Le 17 septembre 20025, une étudiante juive de La Sorbonne témoignait anonymement sur CNews pour dénoncer l'antisémitisme au sein de l'établissement universitaire, à Paris. "Alors que deux étudiantes juives rentraient dans le groupe [de discussion WhatsApp], elles ont été directement retirées par une des participantes. La justification qu’elle a apportée ensuite aux autres du groupe, c’est de dire que ‘ce sont des gens qui ont des noms à connotation juive et d’ailleurs dans leur profil, elles font partie de l’association juive, donc elles sont sionistes, et on n’en veut pas'", détaillait-elle.

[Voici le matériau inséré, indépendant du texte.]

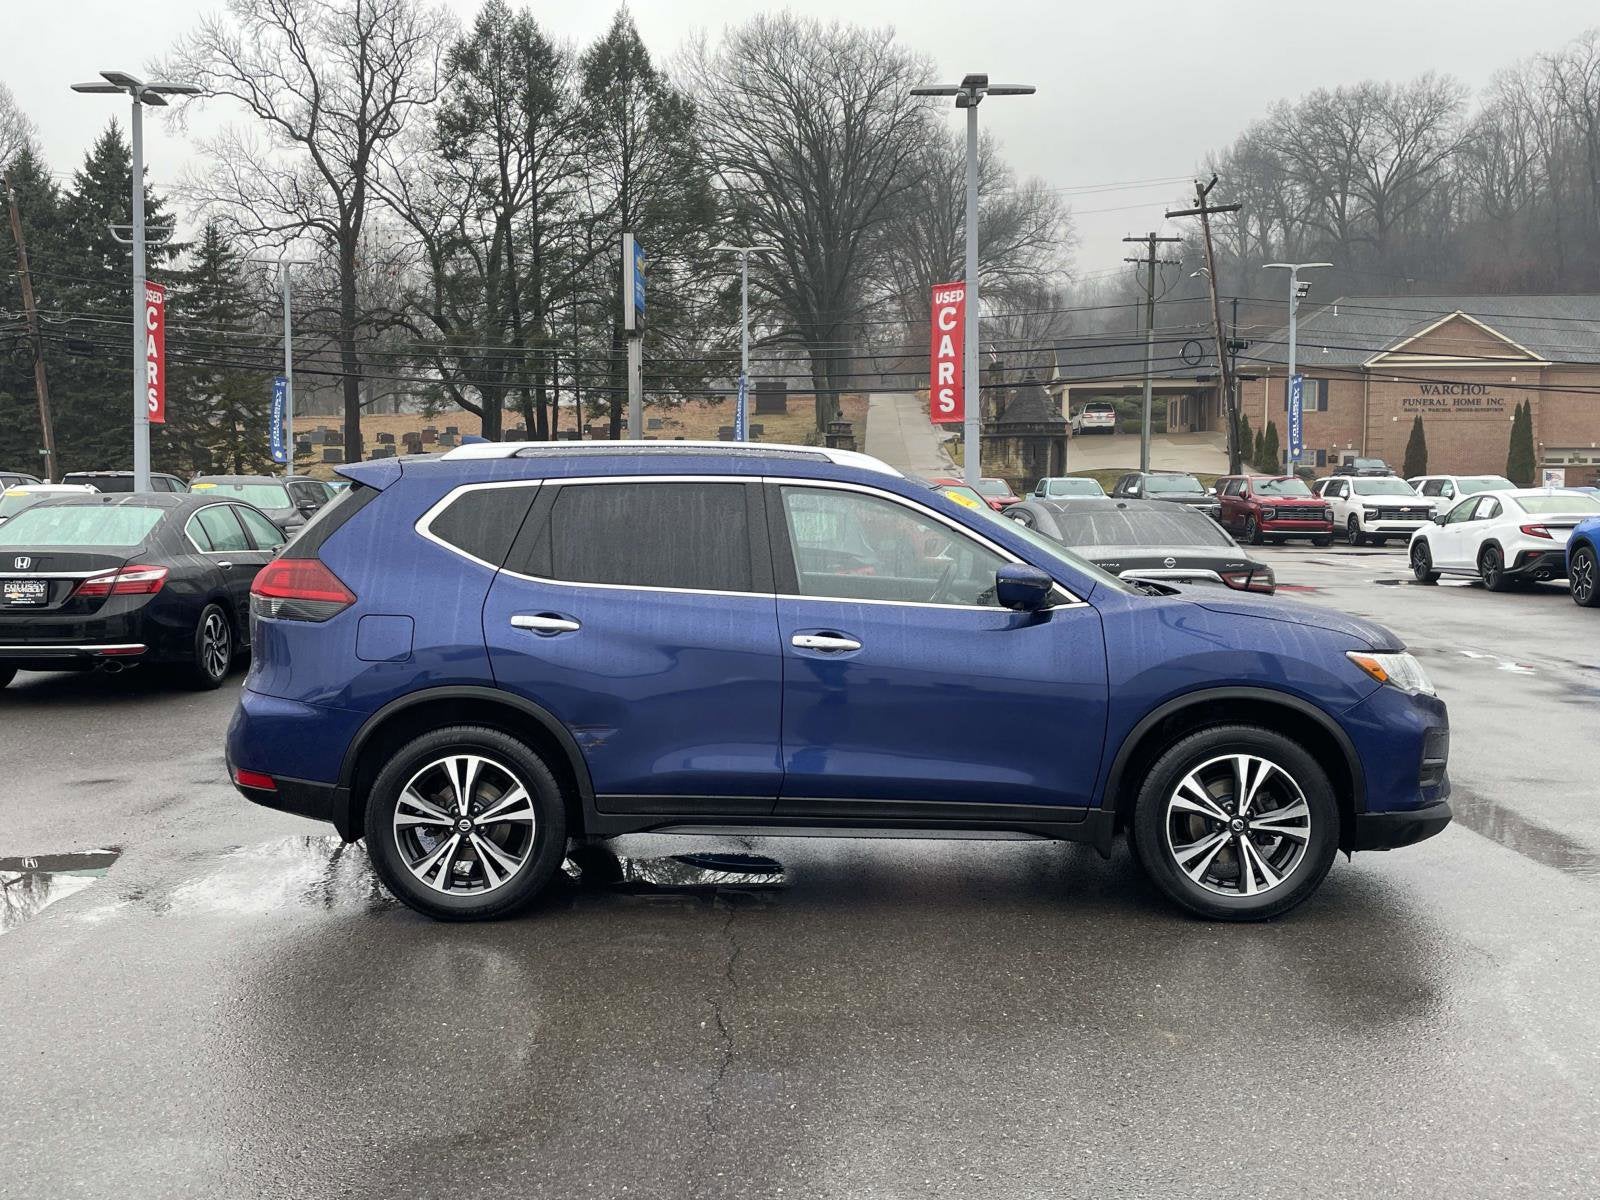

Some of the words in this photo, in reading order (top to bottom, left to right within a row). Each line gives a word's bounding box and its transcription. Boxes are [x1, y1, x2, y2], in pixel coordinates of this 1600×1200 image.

[935, 290, 964, 304] USED
[146, 306, 158, 412] CARS
[938, 307, 957, 412] CARS
[1420, 384, 1490, 395] WARCHOL
[1402, 398, 1448, 406] FUNERAL
[1453, 398, 1482, 406] HOME

Le 11 décembre, sur CNews aussi, dans l'émission de Jean-Marc Morandini, la présidente de l'Organisation Juive Européenne (OJE), Maître Muriel Ouaknine-Melki, donnait des nouvelles de l'étudiante et annonçait qu'elle avait dû quitter l'université : "Aujourd’hui, elle a changé de faculté. On a été obligés de la faire changer de faculté parce que c’était impossible pour elle de retourner à la Sorbonne et de poursuivre ses cours sereinement."

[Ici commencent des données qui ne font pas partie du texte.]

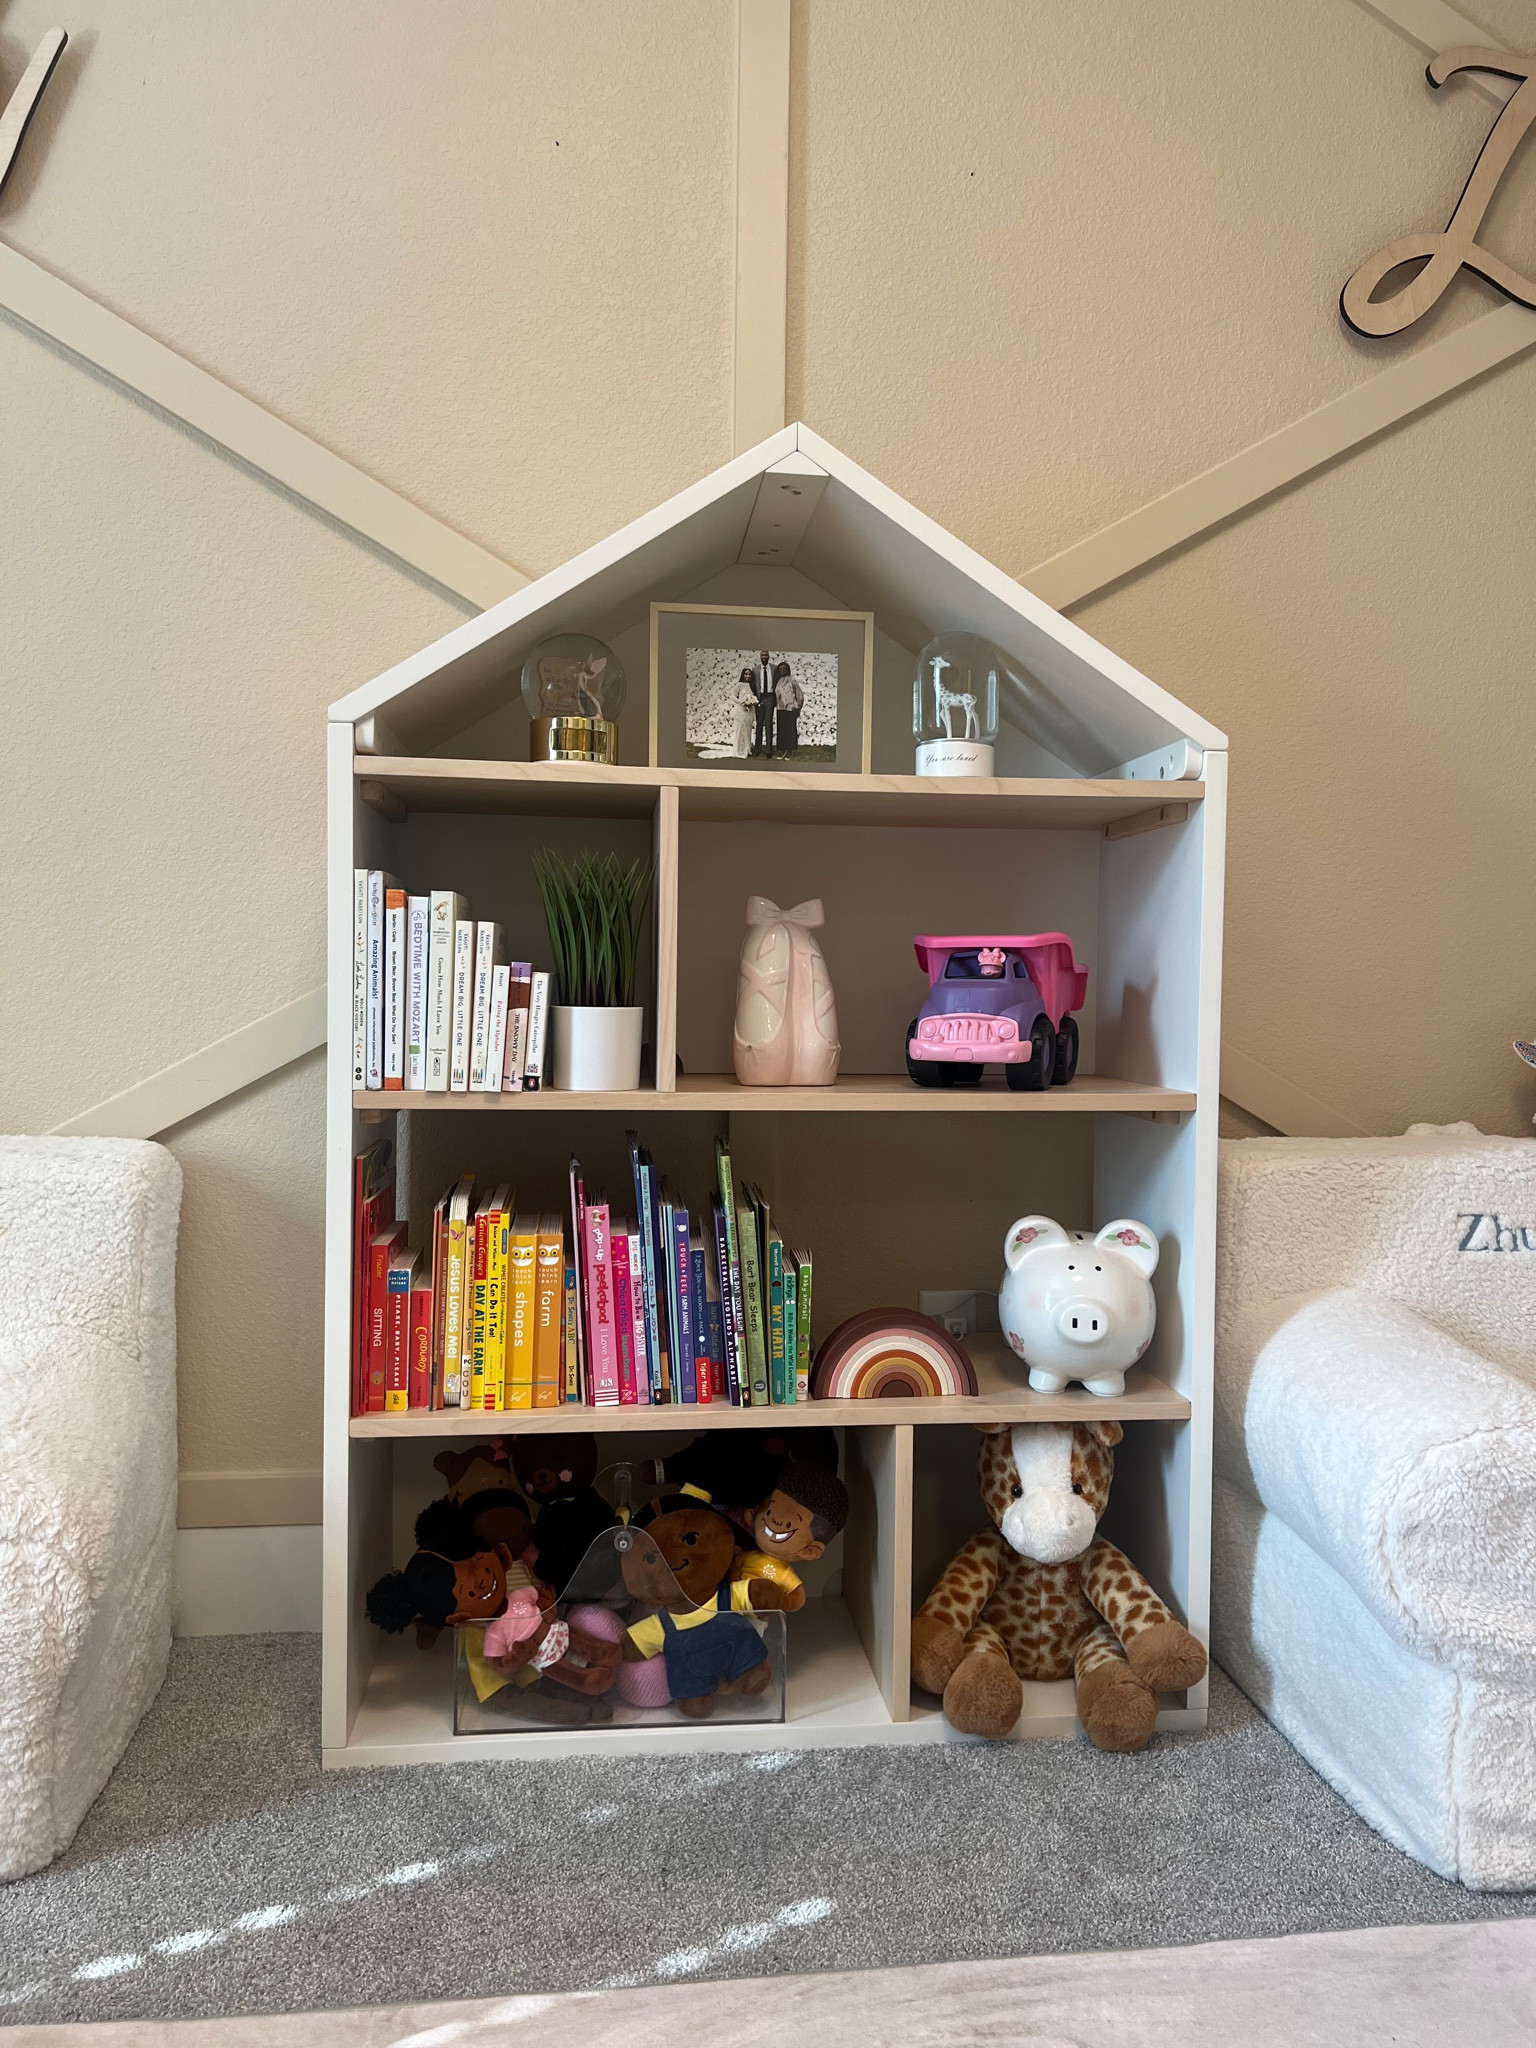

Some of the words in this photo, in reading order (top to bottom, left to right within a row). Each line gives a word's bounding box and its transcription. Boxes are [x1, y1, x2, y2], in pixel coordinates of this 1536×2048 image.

"Juste parce qu’elle est Juive ?", lui a alors demandé Jean-Marc Morandini. "Juste parce qu’elle est Juive, pour rien d’autre ! 2025, la France. Ça, c’est le cas de cette jeune fille qui a eu le courage de venir dire les choses et de nous appeler. Toutes les semaines, on reçoit des signalements d’étudiants", a ajouté l’avocate.